The apparent assassination of Yevgeny Prigozhin in the crash of his private jet between Moscow and St. Petersburg represents an inflection point in Russian-African relations. Prigozhin, as leader of the notorious Wagner Group, had been the point man for Russia in Africa since Wagner first began operations on the continent in 2017. More than a single entity, the Wagner Group is an amalgamation of shell companies deploying paramilitary forces, disinformation and political interference in Ukraine, Syria and Africa. Its leaders have been sanctioned by 30 countries for the group’s destabilising activities.

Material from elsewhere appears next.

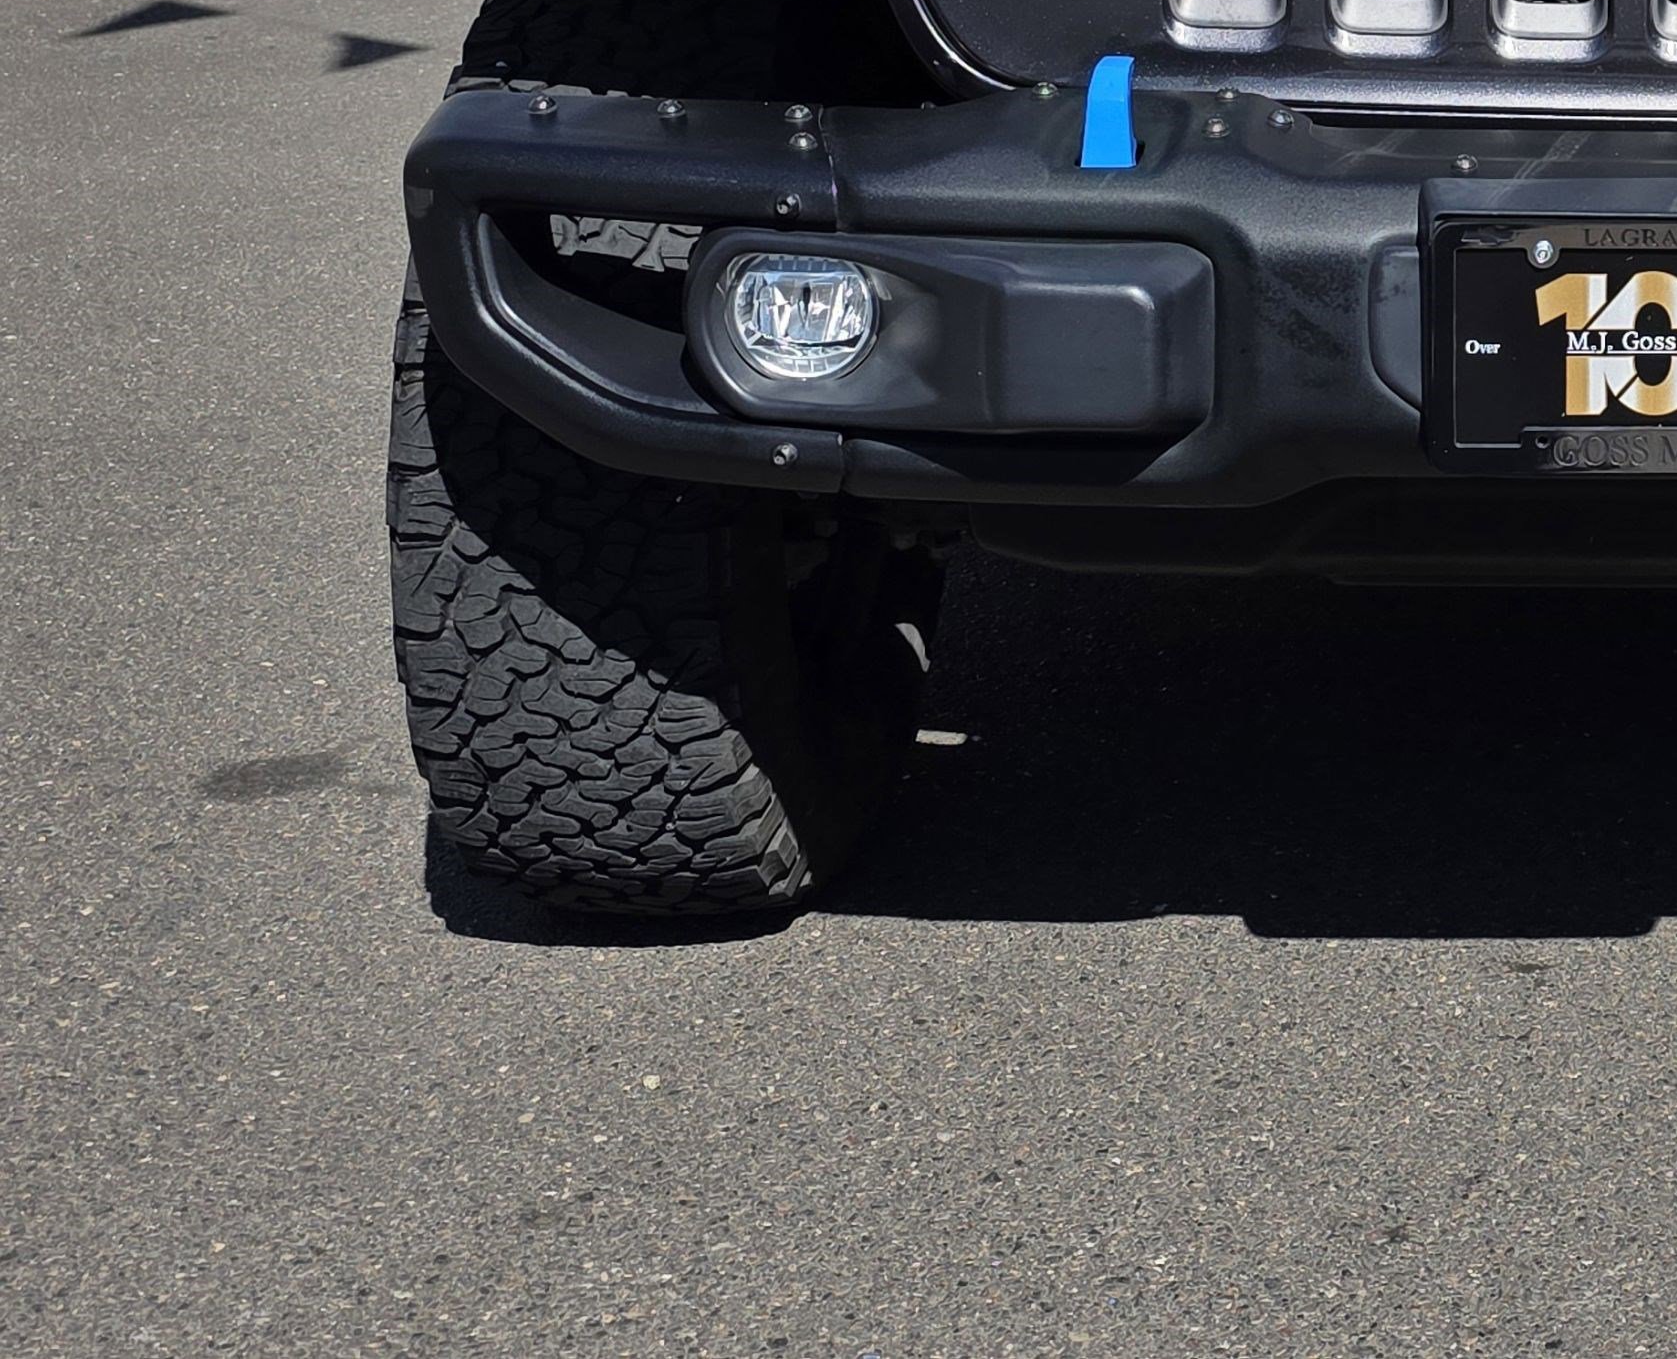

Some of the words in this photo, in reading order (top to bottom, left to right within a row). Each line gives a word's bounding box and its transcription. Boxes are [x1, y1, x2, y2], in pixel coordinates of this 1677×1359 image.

[1465, 339, 1501, 355] Over
[1622, 330, 1677, 351] Goss
[1553, 435, 1650, 467] GOSS

Prigozhin was believed to be living on borrowed time after he led a short-lived insurrection – part of a power struggle with the Russian military leadership – in June. While he quickly backed down, the action embarrassed Russian president Vladimir Putin and triggered chatter that Putin’s perceived weakness would embolden other challengers to his authority.
Prigozhin advanced Russian influence in Africa by propping up politically isolated and unpopular authoritarian leaders. As a result of Wagner’s support, these leaders were beholden to Russian interests. Wagner’s backing took a variety of irregular forms, like paramilitary forces, disinformation campaigns, election interference, intimidation of political opponents, and arms for resources deals. Prigozhin referred to this interlocking set of influence operations as “The Orchestra”, which he conducted.